DOI: 10.1007/s11307-021-01656-3
Abstrakt: Purpose: The goal of fluorescence-guided surgery (FGS) in oncology is to improve the surgical therapeutic index by enhancing contrast between cancerous and healthy tissues. However, optimal discrimination between these tissues is complicated by the nonspecific uptake and retention of molecular targeted agents and the variance of fluorescence signal. Paired-agent imaging (PAI) employs co-administration of an untargeted imaging agent with a molecular targeted agent, providing a normalization factor to minimize nonspecific and varied signals. The resulting measured binding potential is quantitative and equivalent to in vivo immunohistochemistry of the target protein. This study demonstrates that PAI improves the accuracy of tumor-to-healthy tissue discrimination compared to single-agent imaging for in vivo FGS.
Procedures: PAI using a fluorescent anti-epidermal growth factor receptor (EGFR) affibody molecule (ABY-029, eIND 122,681) with untargeted IRDye 700DX carboxylate was compared to ABY-029 alone in an oral squamous cell carcinoma xenograft mouse model at 3 h after dye administration (n = 30).
Results: PAI significantly enhanced tumor discrimination, as compared to ABY-029 alone in low EGFR-expressing tumors and highly heterogeneous populations including multiple cell lines with varying expression (diagnostic accuracy: 0.908 vs. 0.854 and 0.908 vs. 0.822; and ROC curve AUC: 0.963 vs. 0.909 and 0.957 vs. 0.909, respectively) indicating a potential for universal FGS image thresholds to determine surgical margins.

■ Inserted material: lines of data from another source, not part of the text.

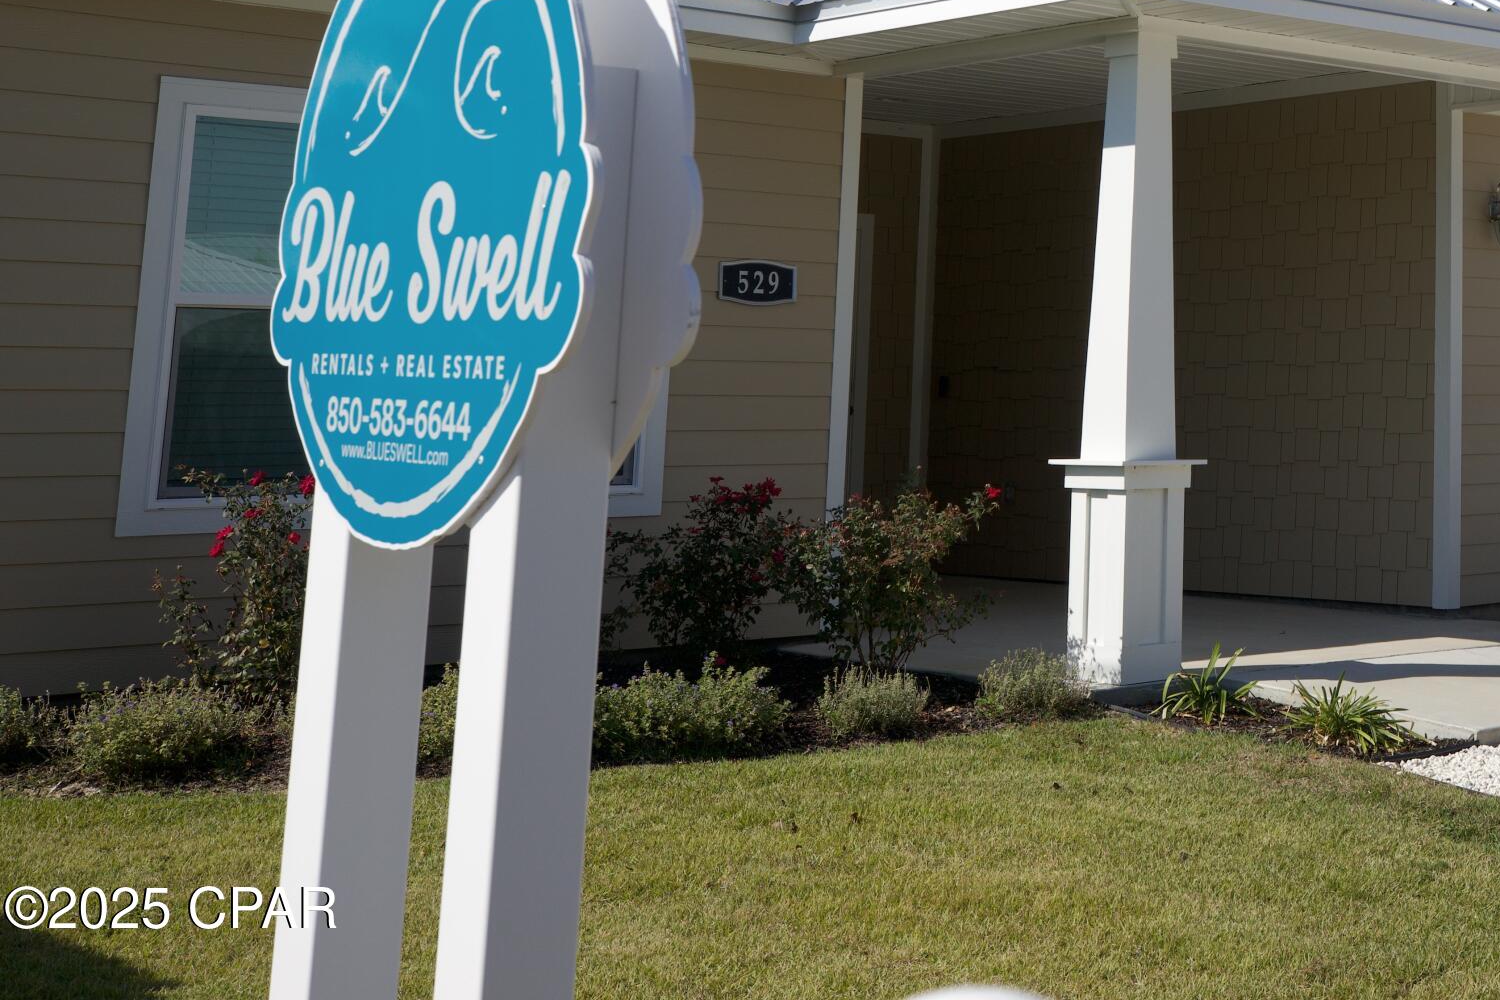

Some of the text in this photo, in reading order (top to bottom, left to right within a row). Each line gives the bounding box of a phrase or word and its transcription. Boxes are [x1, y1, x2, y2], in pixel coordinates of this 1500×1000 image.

[282, 169, 571, 324] Blue Swell
[737, 270, 779, 294] 529
[311, 353, 374, 376] RENTALS
[395, 354, 435, 378] REAL
[442, 355, 505, 380] ESTATE
[326, 396, 471, 441] 850-583-6644
[341, 441, 448, 466] www.BLUESWELL.com

In addition, PAI achieved significantly higher diagnostic ability than ABY-029 alone 0.25-5-h post injection and exhibited a stronger correlation to EGFR expression heterogeneity.
Conclusion: The quantitative receptor delineation of PAI promises to improve the surgical therapeutic index of cancer resection in a clinically relevant timeline.